For those who haven't paid attention, a quick pitch clock synopsis: With no runners on base, a must throw to the plate in 15 seconds. With runners on, the pitcher has 20 seconds. Batters must be in the batter's box, ready to hit, when the pitch clock ticks down to eight seconds. Batters can call timeout once per at bat. Pitchers can throw to a base in a pickoff attempt — or step off the rubber — only twice during at at-bat. A pitcher can make a third pickoff attempt, but if it is unsuccessful, the runner advances a base. If a pitcher doesn't throw to the plate before the pitch clock runs out, the umpire calls a ball. If the batter is not ready to hit, the umpire calls a strike.

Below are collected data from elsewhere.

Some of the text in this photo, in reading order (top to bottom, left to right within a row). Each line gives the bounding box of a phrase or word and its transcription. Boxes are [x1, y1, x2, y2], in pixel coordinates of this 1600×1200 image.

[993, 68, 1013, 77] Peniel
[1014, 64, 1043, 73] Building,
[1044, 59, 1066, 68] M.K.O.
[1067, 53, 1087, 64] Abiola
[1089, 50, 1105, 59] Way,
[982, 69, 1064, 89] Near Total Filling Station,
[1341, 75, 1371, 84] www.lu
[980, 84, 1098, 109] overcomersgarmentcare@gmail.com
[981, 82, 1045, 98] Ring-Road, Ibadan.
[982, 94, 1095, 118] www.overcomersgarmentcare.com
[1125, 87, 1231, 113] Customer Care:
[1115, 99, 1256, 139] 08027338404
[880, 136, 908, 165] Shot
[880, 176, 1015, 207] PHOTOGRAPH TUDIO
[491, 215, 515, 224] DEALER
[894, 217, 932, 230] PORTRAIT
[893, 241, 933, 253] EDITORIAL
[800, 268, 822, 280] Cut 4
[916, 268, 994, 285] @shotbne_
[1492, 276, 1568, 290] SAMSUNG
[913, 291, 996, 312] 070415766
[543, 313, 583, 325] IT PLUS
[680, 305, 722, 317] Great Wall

No longer can a pitcher stroll around the mound for a while between pitches, adjust his cap a few times, rub up the baseball for a few seconds, shake off the catcher's signal a few times before finally throwing a pitch. No longer can a pitcher throw to first base six or seven times between pitches. No longer can a batter step out of the box between every pitch, adjust his batting gloves, arm padding and necklaces, scratch his privates, spit, etc., before getting ready to hit.

All that dead time is gone. If you equate that with changing the rhythm of the game to the sport's detriment, so sorry for your loss. In my mind, it makes the sport infinitely more watchable.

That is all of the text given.